India

India PM Narendra Modi to focus on defence in talks with Putin

Russian President Vladimir Putin, right, and Indian Prime Minister Narendra Modi walk together during their meeting in the Kremlin in Moscow, Belarus, Wednesday, Dec. 23, 2015. Image copyright AP
Image caption Mr Putin and Mr Modi are expected to sign key agreements on defence and nuclear energy

Indian PM Narendra Modi and Russian President Vladimir Putin are set to hold talks, with a firm focus on defence and nuclear energy co-operation

Mr Modi began his two-day visit on Wednesday with a private dinner with Mr Putin.

These talks have been held annually since 2000 and hosted alternately between Moscow and Delhi.

Russia and India were close allies during the Cold War, but recently the relationship has become more complex.

Bilateral trade between the two countries stands at $10bn (£6.74bn) and Russia is India's second largest defence supplier.

But earlier this year, India was reported to be displeased with Russia for selling attack helicopters to Pakistan and Russia was unhappy with India for choosing French Rafale fighters and American Apache attack helicopters over Moscow's defence products.

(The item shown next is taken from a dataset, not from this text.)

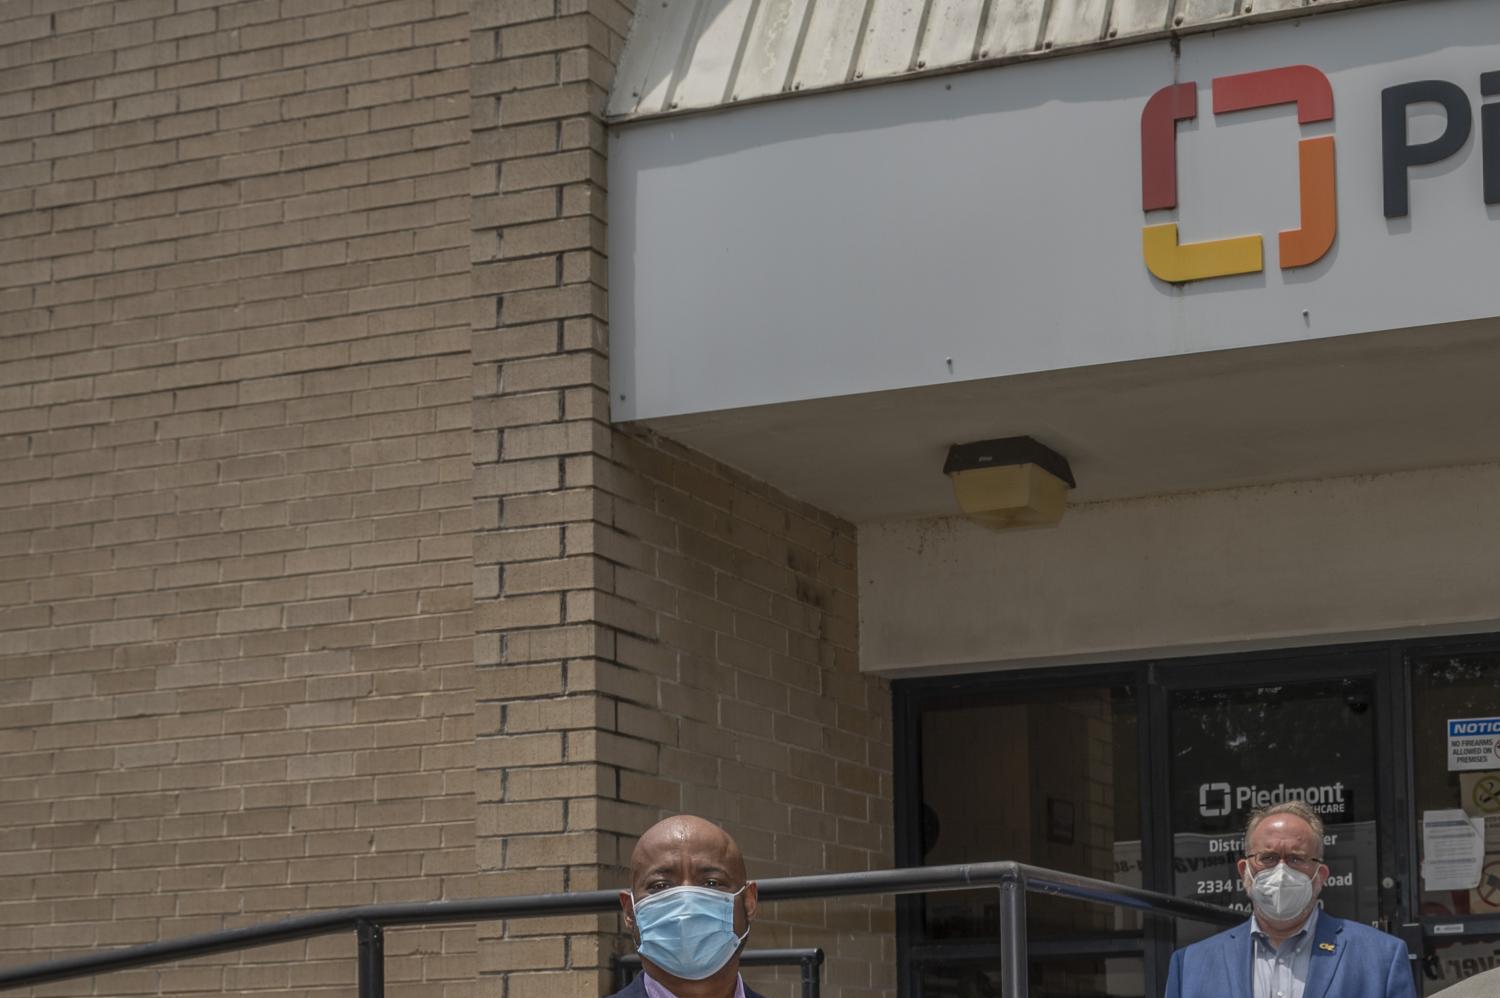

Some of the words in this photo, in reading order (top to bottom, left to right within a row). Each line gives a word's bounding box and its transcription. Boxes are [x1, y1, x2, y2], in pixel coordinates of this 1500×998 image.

Mr Modi's visit is seen as a chance to work on the personal chemistry between the two leaders, and to reset relations between their countries, says the BBC's Sarah Rainsford in Moscow.

Image copyright AP
Image caption Mr Modi began his two-day visit on Wednesday with a private dinner with Mr Putin

India has become an even more important market for Russia since the West imposed economic sanctions, our correspondent says, adding that Moscow is looking to sell India its sophisticated S400 anti-aircraft systems.

A deal to manufacture military helicopters and build further nuclear power plants in India could also be signed.

Last year, Russia announced it would help India build at least 10 more nuclear reactors. It has already built in a nuclear reactor in Tamil Nadu state.

The two countries have outlined an "ambitious vision" for nuclear energy and agreed that the new reactors would be built over the next 20 years.